A recent report by one of Honolulu’s top real estate entities, Colliers Monroe Friedlander, suggests a commercial market on its way out of the cellar. According to this and other reports, investors there acquired $1.5 billion in commercial property across the state. This figure was up by over $630 million from the previous year.
The Hawaii commercial market saw four consecutive declines before this dramatic increase in activity. Accordingly, Colliers says they expect the positive trend to continue, and that we can expect close to $2 billion in commercial sales there.

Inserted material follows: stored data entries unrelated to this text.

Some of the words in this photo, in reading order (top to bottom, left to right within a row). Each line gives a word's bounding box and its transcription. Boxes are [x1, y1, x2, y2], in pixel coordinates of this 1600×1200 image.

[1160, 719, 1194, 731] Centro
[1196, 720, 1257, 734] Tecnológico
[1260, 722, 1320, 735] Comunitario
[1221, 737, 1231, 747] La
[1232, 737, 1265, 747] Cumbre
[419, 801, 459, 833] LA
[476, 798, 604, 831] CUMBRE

Despite this bit of good news for the commercial sector, the more acute residential market shows some problematic symptoms. For one measure, jobs in Hawaii fell in December substantially, and while joblessness has a less immediate effect on commercial real estate, there is almost a direct correlation with the residential side. The graph below (from Department of Numbers) shows clearly, the Current Employment Statistics (CES) and current Population Survey (CPS) statistics these last couple of years.

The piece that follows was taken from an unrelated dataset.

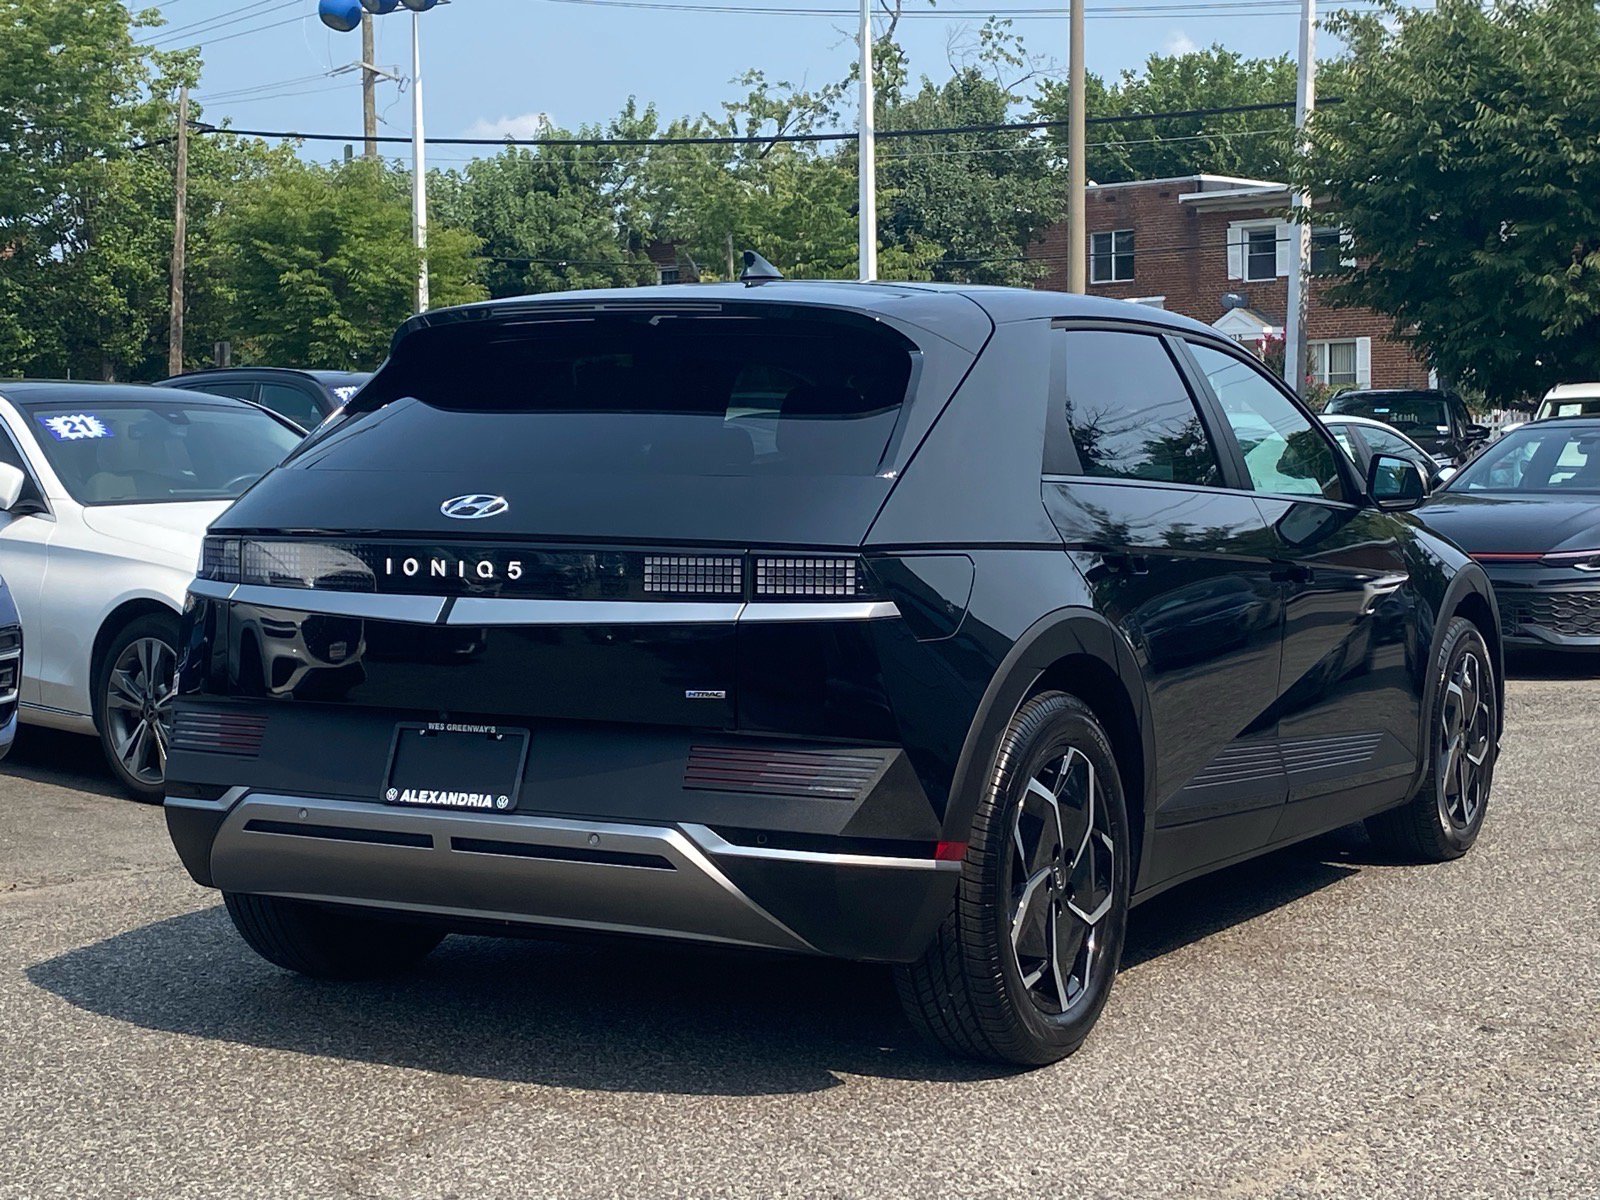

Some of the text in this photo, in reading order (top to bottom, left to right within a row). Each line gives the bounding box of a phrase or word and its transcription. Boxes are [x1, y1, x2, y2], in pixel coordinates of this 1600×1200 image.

[62, 419, 93, 433] 21
[386, 557, 522, 580] IONIQ 5
[428, 722, 496, 733] WES GREENWAY'S
[400, 789, 492, 808] ALEXANDRIA

Now, taking this data and adding in such things as home affordability, it is clear Hawaii has a residential problem on a par with California in many ways. Hawaii has always been high on the affordability side obviously, but now the state is actually the least affordable place to buy a home in the United States. Using numbers from the Department of Numbers once again, Hawaii has the worst FHFA Price to Income Ration, and the worst Price to Rent numbers. By comparison, Washington DC and 48th place California are much more affordable – and places like Michigan are 4 to 5 times more affordable now.
So, looking at the whole market for Hawaii, we can make a few assumptions that bear consideration. First, what we are really seeing from commercial investors is more than likely a move to grab up “deals” in a true buyers market. This inflates the numbers. And too, the same thing actually props up the market, not only in Hawaii, but everywhere else too. Not many people consider what is actually going on in the real estate industry. In part, the answer is simple, those with money are spending it to buy “dirt cheap” anything of value they can lay their hands on. It’s just a matter of threshold prices actually.

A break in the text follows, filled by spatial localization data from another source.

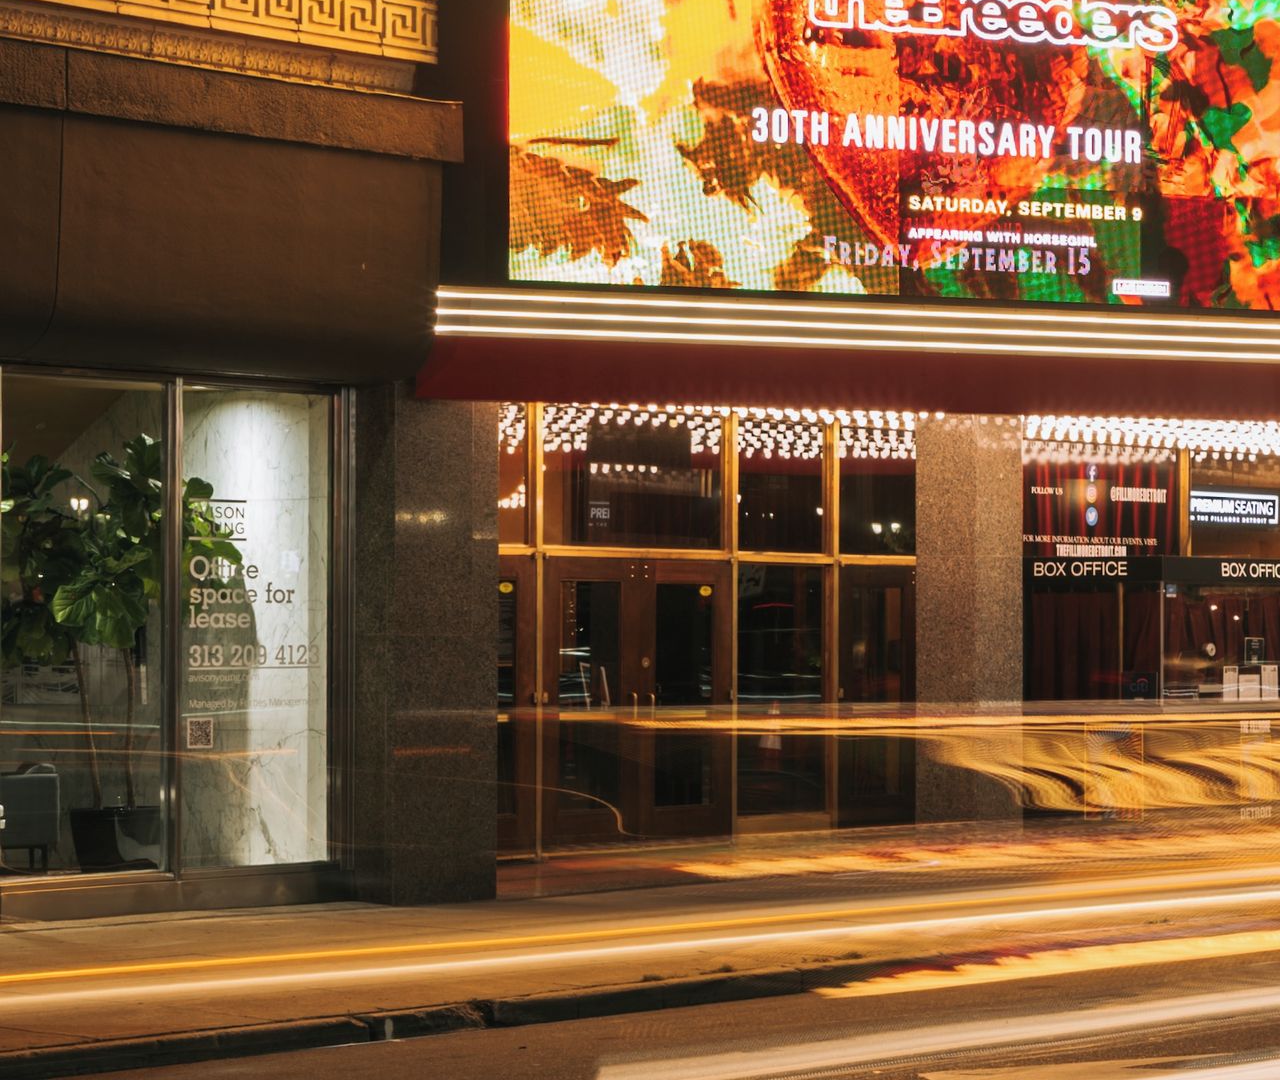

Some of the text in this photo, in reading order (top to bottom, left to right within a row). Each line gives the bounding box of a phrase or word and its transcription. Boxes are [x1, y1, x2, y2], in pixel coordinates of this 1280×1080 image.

[751, 107, 1143, 165] 30TH ANNIVERSARY TOUR
[908, 194, 1143, 222] SATURDAY, SEPTEMBER 9
[908, 227, 984, 244] APPEARING
[986, 230, 1021, 246] WITH
[930, 240, 1057, 276] SEPTEMBER
[1067, 247, 1091, 277] 15
[1031, 486, 1063, 496] FOLLOW US
[1190, 497, 1273, 516] PREMIUM SEATING
[1023, 534, 1034, 543] FOR
[1035, 535, 1051, 543] MORE
[1052, 535, 1090, 544] INFORMATION
[1090, 536, 1109, 545] ABOUT
[1109, 537, 1121, 545] OUR
[189, 555, 259, 580] Office
[1033, 561, 1128, 577] BOX OFFICE
[1221, 562, 1247, 578] BOX
[189, 582, 295, 610] space for
[189, 605, 251, 629] lease
[189, 644, 320, 667] 313 209 4123
[188, 699, 226, 710] Managed
[227, 698, 238, 709] by
[1240, 806, 1272, 820] DETROIT

When luxury condos start selling (press releases even) like hotcakes, and multi million dollar commercial properties change hands, these are sure signs the “big money” is taking advantage of a situation.
The Department of Numbers is run by coding and numbers guru Ben Engebreth, and impartial statistics guy from New York. Here is his resume for those interested in his qualifications. The reason I even mention this is because from my cursory evaluation, his data seems spot on compared with many other metrics on the subject. In effect, real numbers actually don’t lie.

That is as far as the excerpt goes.